Des conducteurs pourchassés, des clients mis en danger, des véhicules arrachés en circulation
Des conducteurs de Bénin-Taxi ont été poursuivis par des agents du Ceped pour leur arracher les véhicules pour défaut de payement. De sources concordantes, il ressort que des courses-poursuites ont eu lieu. Des fois, des conducteurs avaient des clients à bord et avaient essayé de semer leurs poursuivants en mettant la vie des passagers en danger. Pour les moins chanceux, leurs poursuivants immobilisaient les véhicules avant de les débarquer pour repartir et les abandonner à leurs sorts. Par exemple, un conducteur de Bénin-Taxi s’est vu surprendre un matin à 7 heures alors qu’il stationnait devant la maison d’un client pour déposer ses enfants à l’école. Le client a dû faire appel à un autre véhicule pour déposer ses enfants à l’école.

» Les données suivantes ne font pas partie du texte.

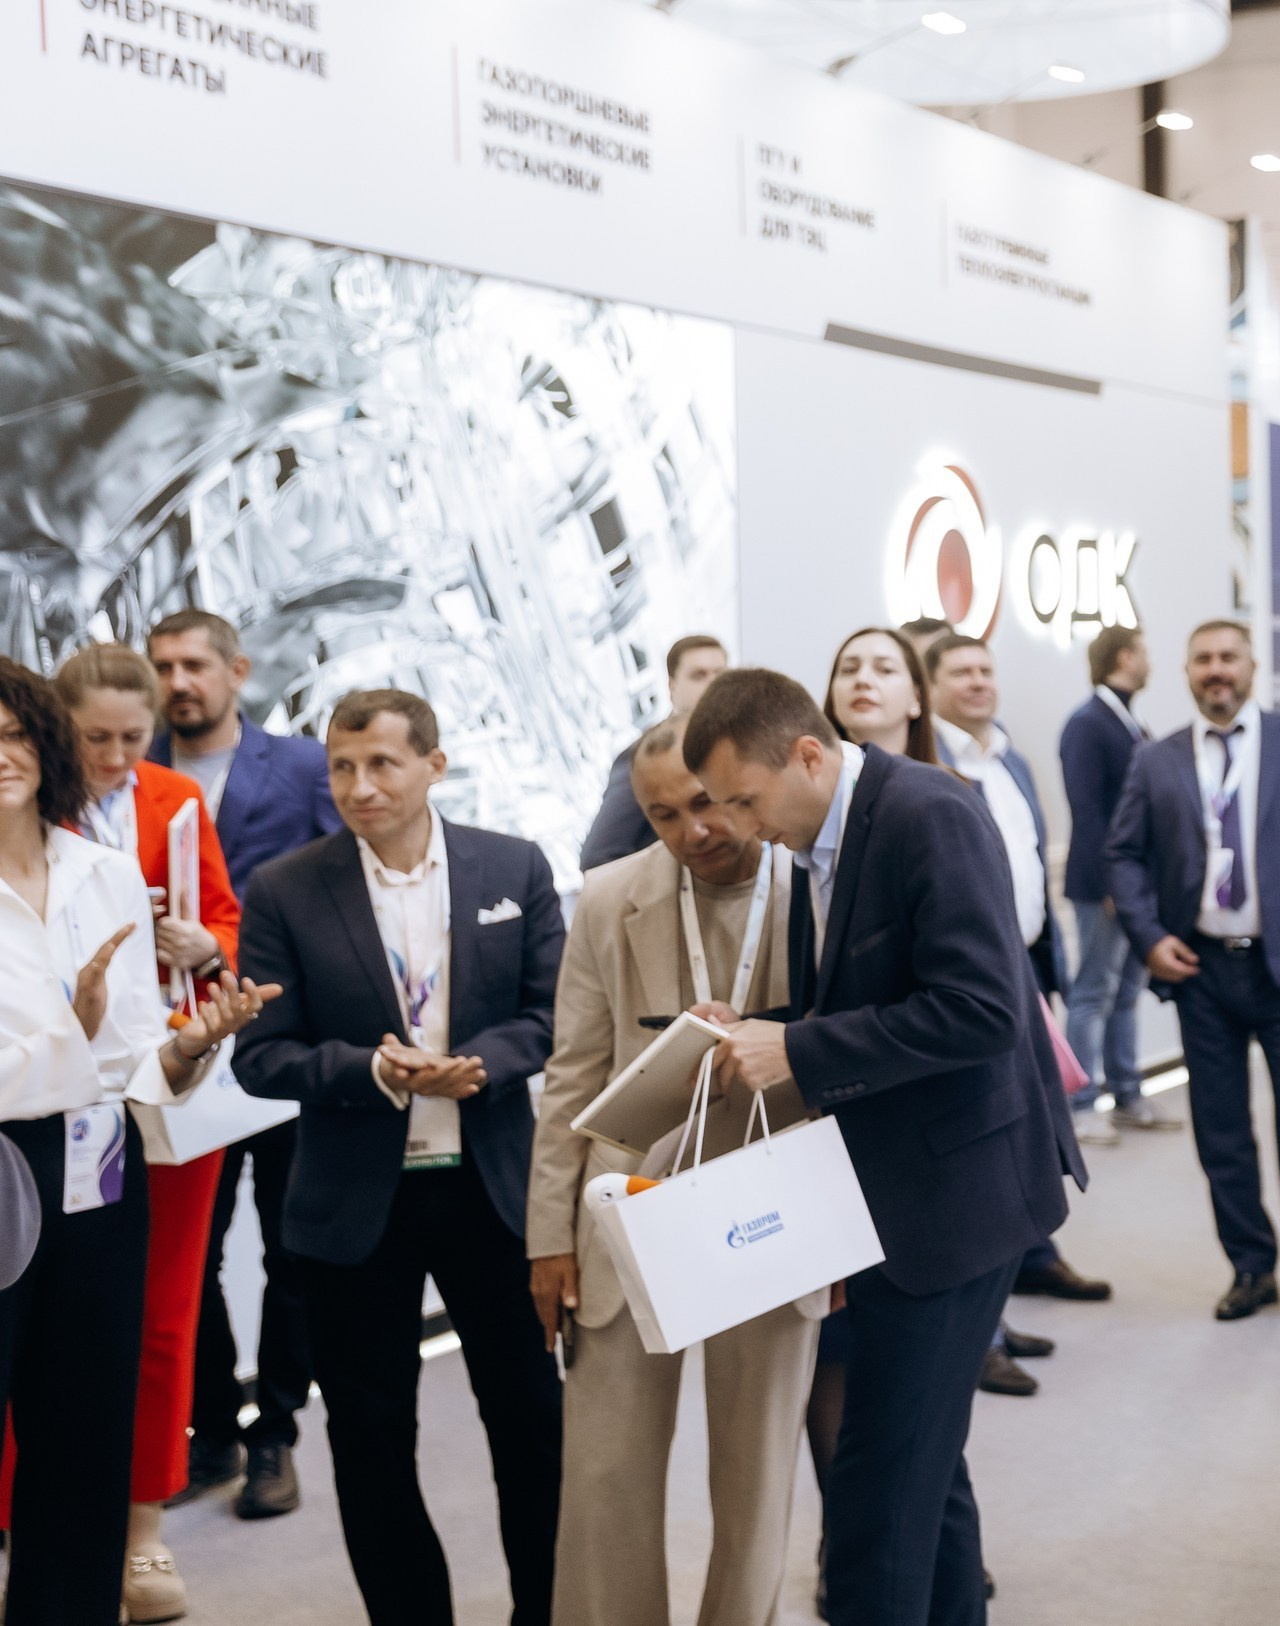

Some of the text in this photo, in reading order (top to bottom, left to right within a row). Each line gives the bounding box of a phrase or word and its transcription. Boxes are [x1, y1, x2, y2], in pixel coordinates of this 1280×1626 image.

Les payements échelonnés selon une logique irrégulière
Les payements exigés des conducteurs de Bénin-Taxi, obéissent à une logique irrégulière selon les termes des contrats signés en octobre 2017. En effet, il est demandé de payer par jour, 6.000 FCFA la première année, 7.500 FCFA la deuxième année, 10.500 la troisième année et 12.000 FCFA la quatrième année. Pourquoi payer moins quand le véhicule est neuf et plus quand le véhicule est moins neuf ? Mieux, comment peut-on demander 4.000 FCFA aux conducteurs la première année où ils avaient l’assistance du call center pour trouver des clients et demander plus chaque année alors que le call center n’a travaillé qu’un an environ. Dès la deuxième année, les conducteurs devaient trouver eux-mêmes leurs clients mais continuer de faire plus de recettes.

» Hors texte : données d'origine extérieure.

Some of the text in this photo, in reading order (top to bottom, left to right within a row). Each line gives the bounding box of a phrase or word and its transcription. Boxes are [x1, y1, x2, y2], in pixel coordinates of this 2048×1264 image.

Des conducteurs entre le marteau et l’enclume
Les conducteurs de Bénin Taxi se rendent vite compte de ce qu’ils sont pris dans un engrenage aux mille interrogations. En effet, dès qu’ils commencent par effectuer les payements ils se rendent compte qu’ils ont deux possibilités désormais : finir de payer ou perdre ce qui a déjà été payé. Car en cas de non-respect des clauses, le payement y compris, les véhicules sont arrachés sans autre forme de procès.
Les députés doivent sauver les conducteurs, interpeler le gouvernement
Les représentants du peuple béninois au Parlement doivent chercher à comprendre davantage le fonctionnement du projet Bénin-Taxi. Car, devant le refus des autorités de fournir des informations pour éclairer l’opinion publique sur certaines questions, c’est aux députés de la 9ème législature que revient le devoir d’aider le peuple dans sa quête de vérité. En adressant des questions au gouvernement, ils auraient joué leur partition en éclairant les zones d’ombre de ce projet qui était annoncé comme « le Programme d’Actions du Gouvernement « Bénin Révélé »… dans le secteur du transport urbain ».